Although Boeing reduced its 737 Max monthly production rate from 52 aircraft to 42 in the wake of the March 13 grounding of all Maxes, CFM is maintaining the rate and schedule of Leap-1B deliveries to Boeing that it had previously agreed with the airframer. Doing so “has some virtues,” said Méheust. “It allows CFM to build on the momentum we gained last year on the historic ramp-up,” the biggest and most rapid ever for a commercial jet engine-manufacturing program. “It also helps ensure the stability of our supply chain. Boeing is completely in agreement with that.”
In addition to assembling at least 1,800 Leap engines this year, CFM will also construct and deliver 380 CFM56s, so total CFM new-engine production in 2019 will reach nearly 2,200 engines. “That places us at our historic levels of production,” said Méheust. However, by the end of 2020, the year in which CFM expects to reach its planned full Leap production rate of 2,000-plus engines, the joint venture will have ended production of CFM56s for civil-aviation use. (A low residual level of production of CFM56-7Bs will continue well into the 2020s for military operators that have ordered the 737-800-based P-8A Poseidon and the 737-700-based 737 AEW&C Wedgetail.) Many civil-use CFM56s built in 2020 will be delivered as spare engines, but “we are really encouraging our [civil aviation] customers to look at their requirements for the future because by the end of next year we will not produce spare [CFM56] engines anymore,” said Méheust.
However, he added, “that is not the end of the program, by no means. We’re going to stop assembling CFM56 engines, but the aftermarket is huge. We expect by 2025 there will be 22,000 CFM56s flying. Out of those, 70 percent will have had zero or one shop visit, so by 2025 we see more than 3,000 shop visits a year for the CFM56. Production of parts will still represent a huge amount of effort.

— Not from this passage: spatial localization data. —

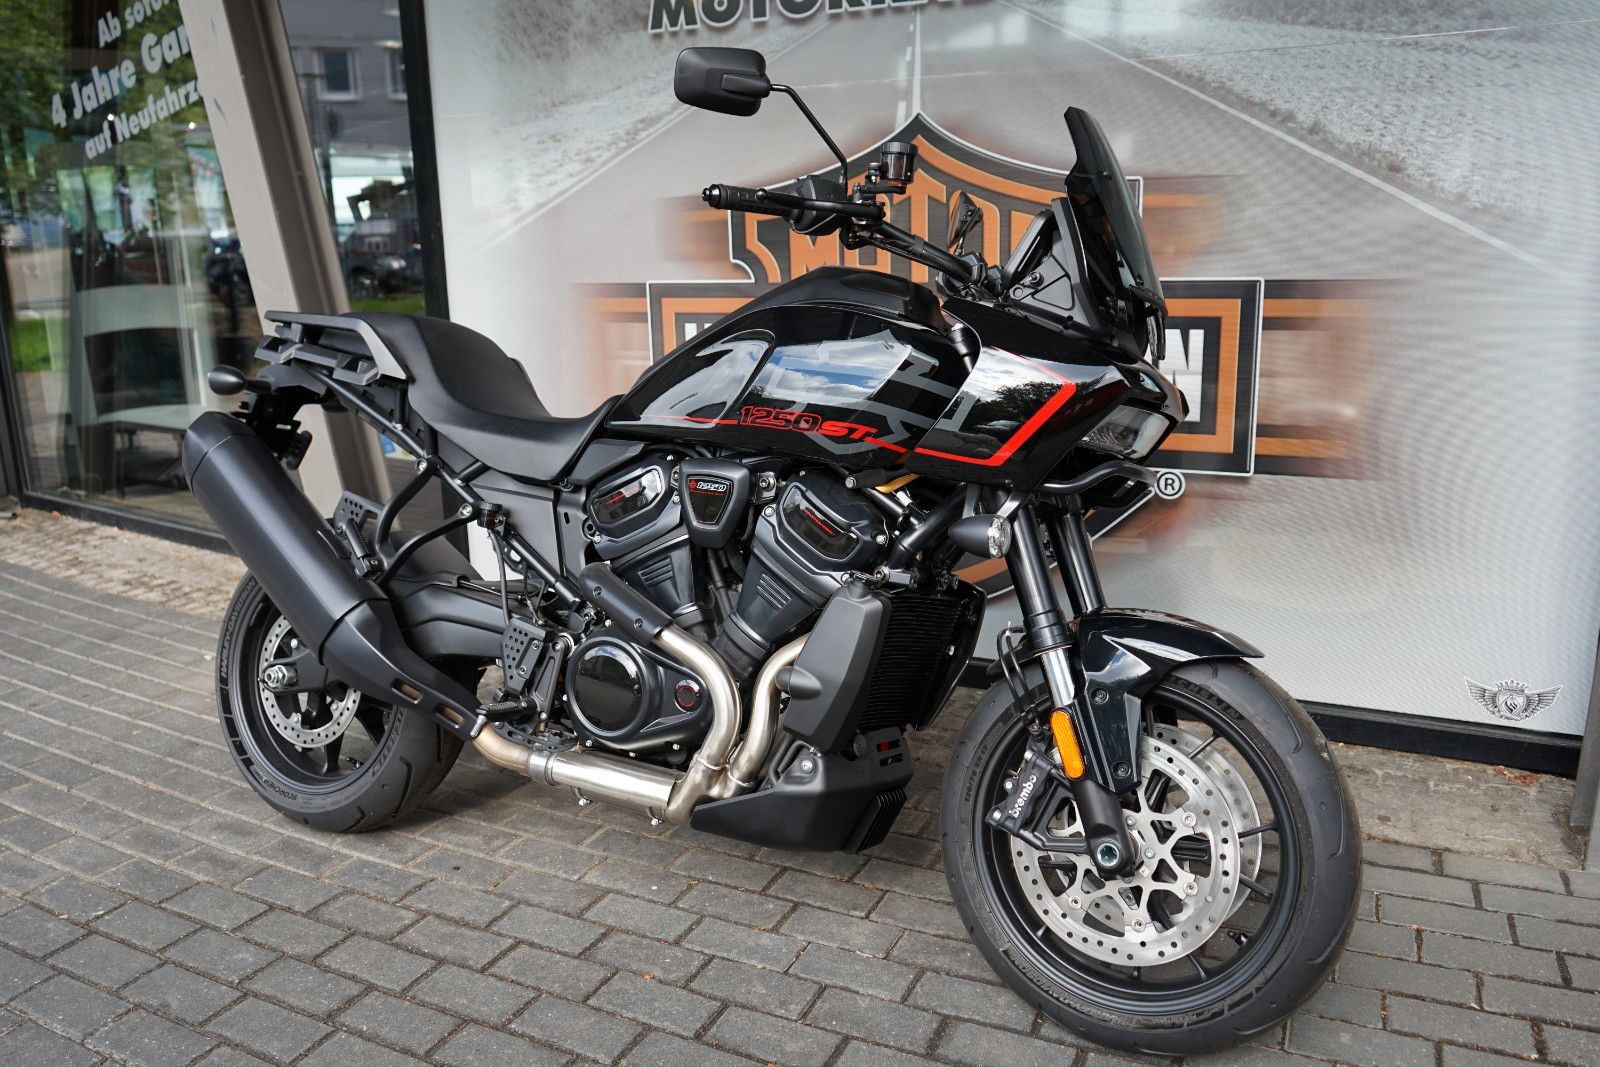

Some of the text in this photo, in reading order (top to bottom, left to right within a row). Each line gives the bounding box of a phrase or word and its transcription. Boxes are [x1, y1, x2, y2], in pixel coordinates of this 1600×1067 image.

[98, 11, 121, 48] Ab
[51, 92, 67, 129] 4
[70, 58, 136, 120] Jahre
[84, 119, 112, 160] auf
[1009, 774, 1037, 818] brembo

The aftermarket will go on for decades and we’re planning to produce [CFM56] engines [as parts] until the mid-2040s, if necessary.”
Today, as CFM56 production winds down, CFM has accumulated orders for just over 33,400 CFM56-family engines, with almost the same number delivered. CFM feels it can now say with confidence that the entire CFM56-family production run will total just under 34,000 engines, and the CFM56 will have been in production for more than 40 years by the time the engine-assembly program ends for good when deliveries of military 737NG versions end.
No other commercial or military turbofan engine in history has come close to that production total. However, if another engine ever stands a chance of doing so, it is the Leap family. Just 11 years after it launched the Leap program in 2008, CFM has accumulated orders and other purchase commitments for 17,400 Leap engines, about eight years’ worth of production at CFM’s planned full assembly rate.
At present, CFM has no plans to increase that 2,000-plus-a-year rate despite the fact that orders and options for more than 1,000 Leap-1C-powered Comac C919s are outstanding, representing more than 2,000 engines in addition to Leap-1A and Leap-1B production. This is because CFM has already taken full-rate Leap-1C production into account in its existing planned annual Leap-family assembly rate, according to Méheust.